Why one shared staging environment becomes the bottleneck
A single staging environment is fine when you have two engineers. As the team grows it turns into a choke point. Developers queue for a slot. The environment drifts, because the last person's changes and test data linger into the next person's run. And because everyone shares it, QA ends up testing several merged features at once, so when something breaks you cannot easily tell which change caused it.
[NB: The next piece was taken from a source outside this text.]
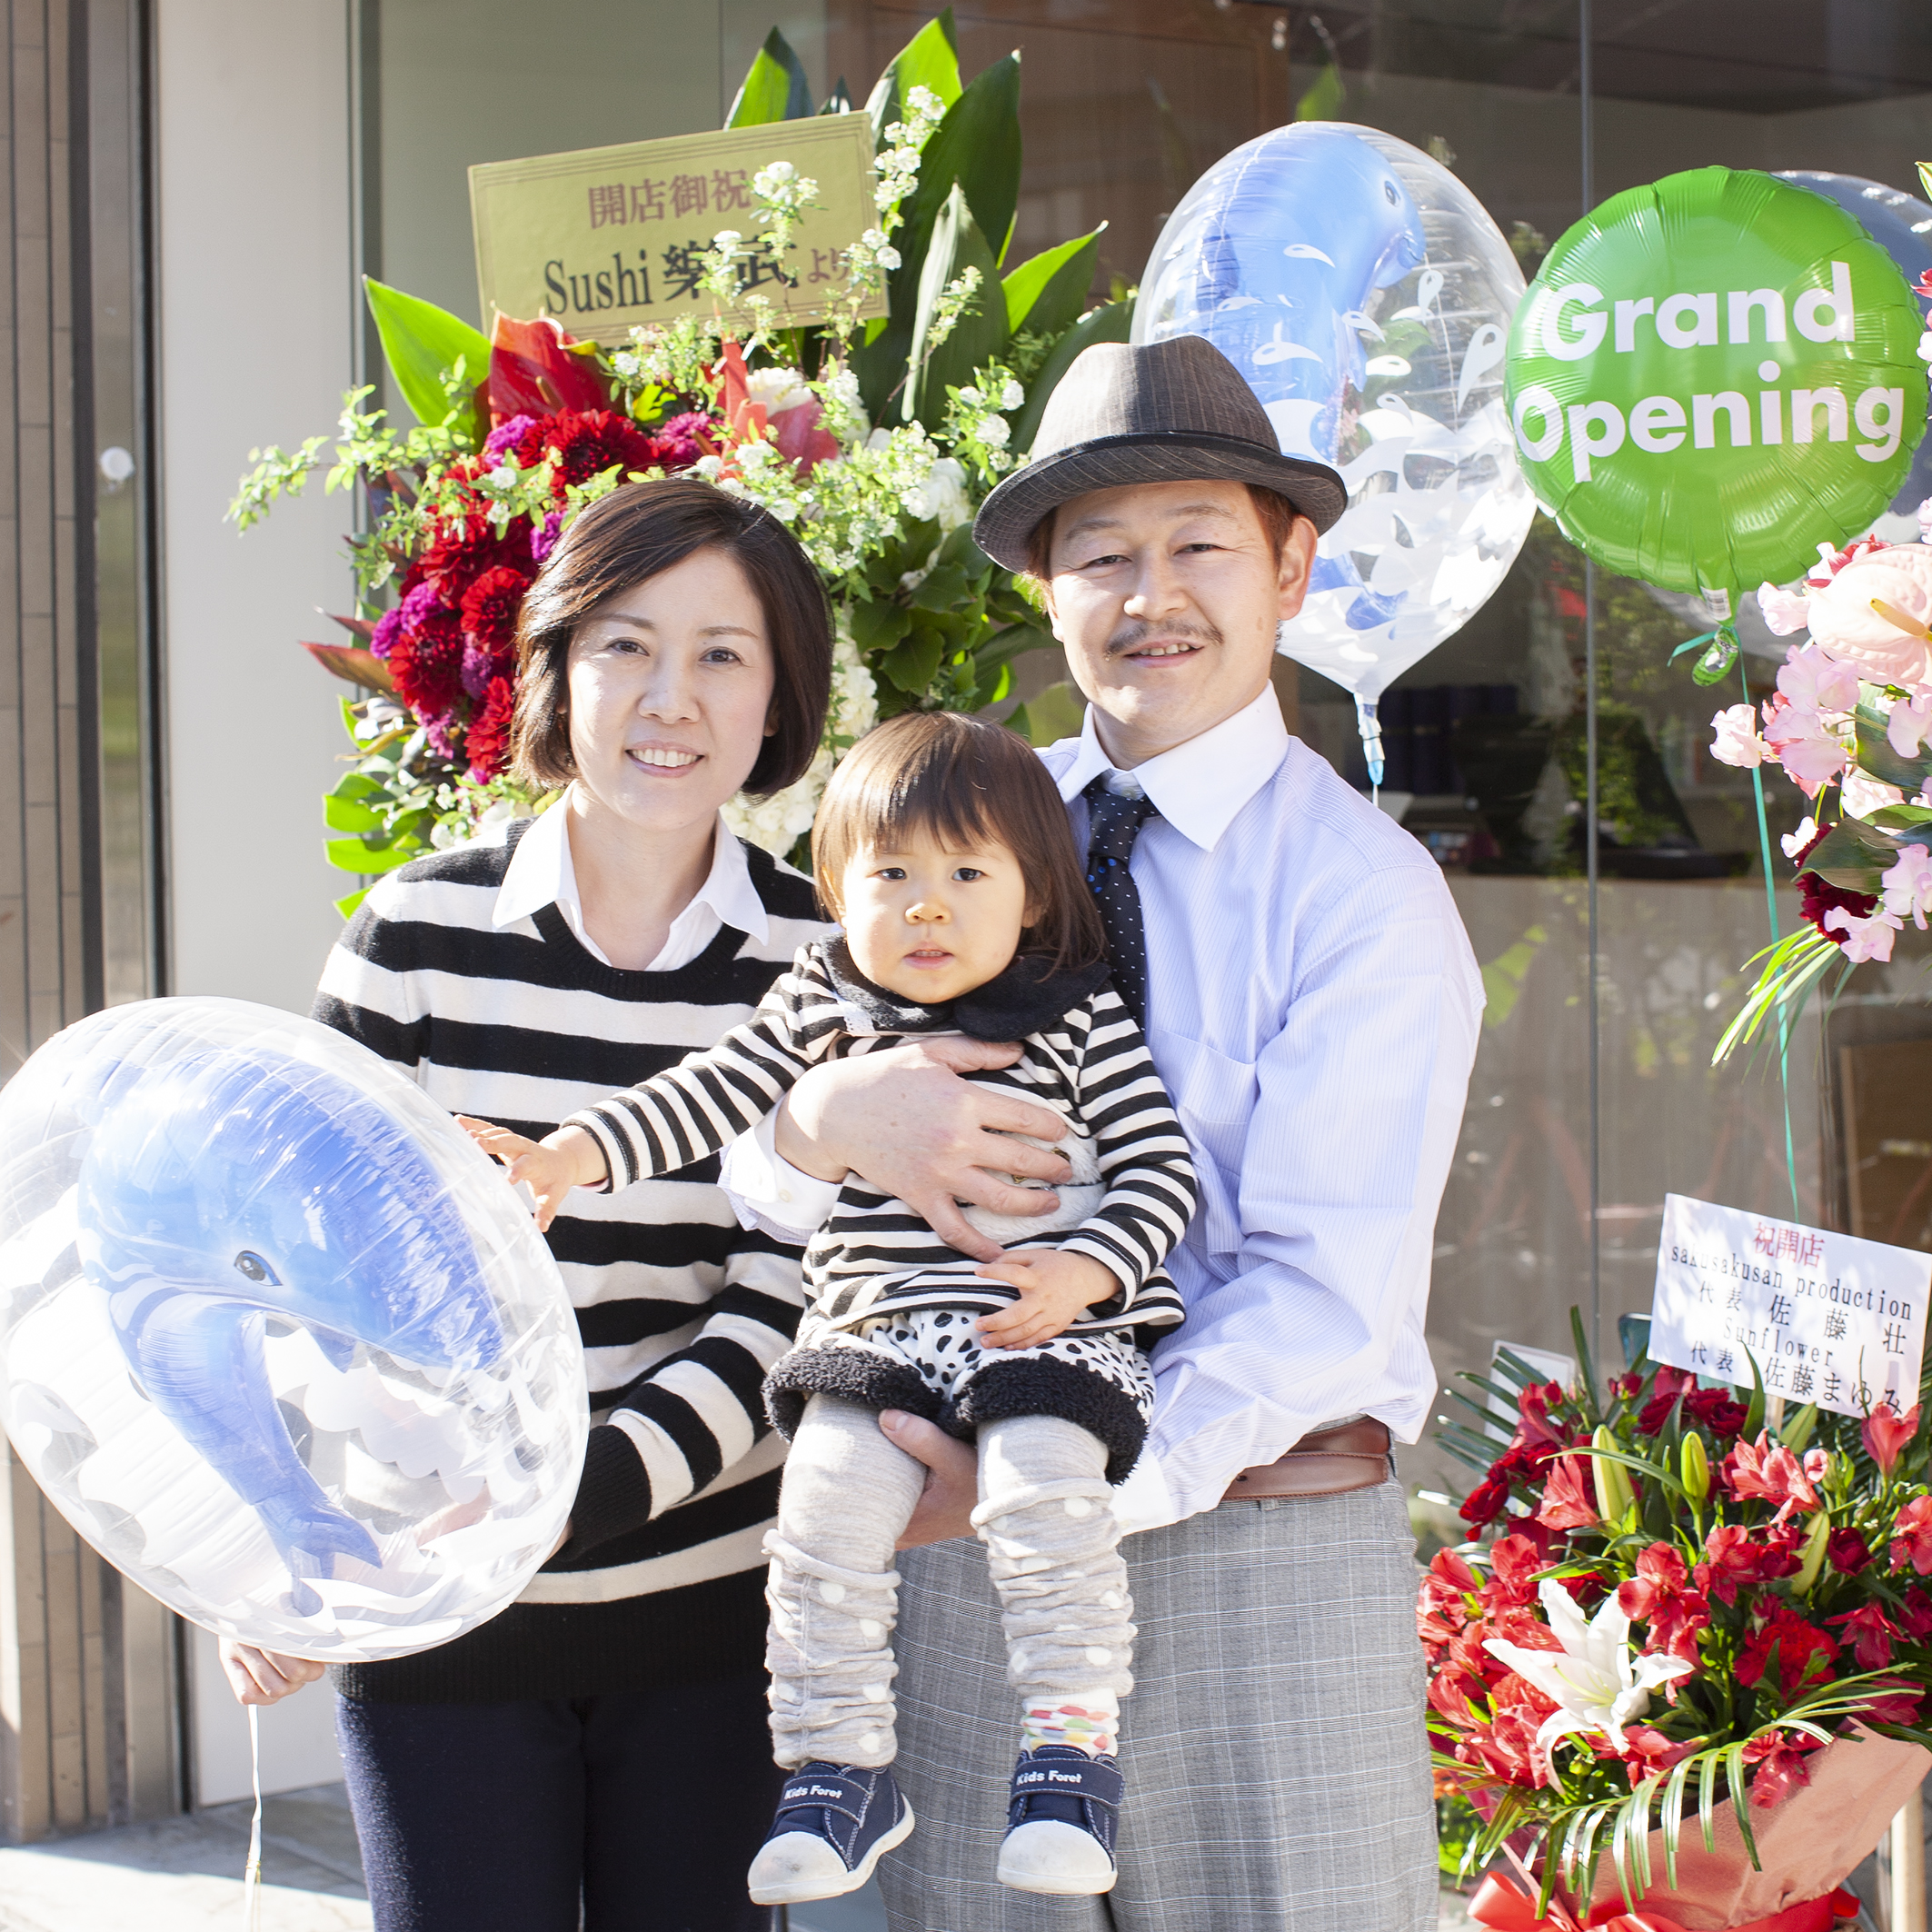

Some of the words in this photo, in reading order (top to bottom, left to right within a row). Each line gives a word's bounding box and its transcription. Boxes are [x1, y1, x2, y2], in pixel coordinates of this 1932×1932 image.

This is now widely described as the real bottleneck in the delivery pipeline, not the people and not the tooling that writes the code (Bunnyshell, 2025). For a hundred-person engineering team, even a conservative eight lost hours per developer each week works out to roughly a 20 per cent productivity loss (The New Stack, 2025). And the always-on environment itself is rarely free: the same analysis notes that 91 per cent of organisations report wasted cloud spend, much of it sitting in environments nobody is watching closely (The New Stack, 2025).
The trade-off is honest. One shared environment is simpler to run and perfectly adequate at small scale. It only becomes a tax once you have enough engineers and enough services that the queue and the drift start to bite, which is exactly the point most growing teams are at.
A preview environment per pull request, with GitHub Actions
The most direct path uses the CI you already run. On every pull request, create a namespace named after the PR, deploy the chart into it with a PR-specific image tag and hostname, and on close, delete the namespace. Building on your existing pipeline rather than a new platform is usually the fastest route to adoption (Signadot, 2025).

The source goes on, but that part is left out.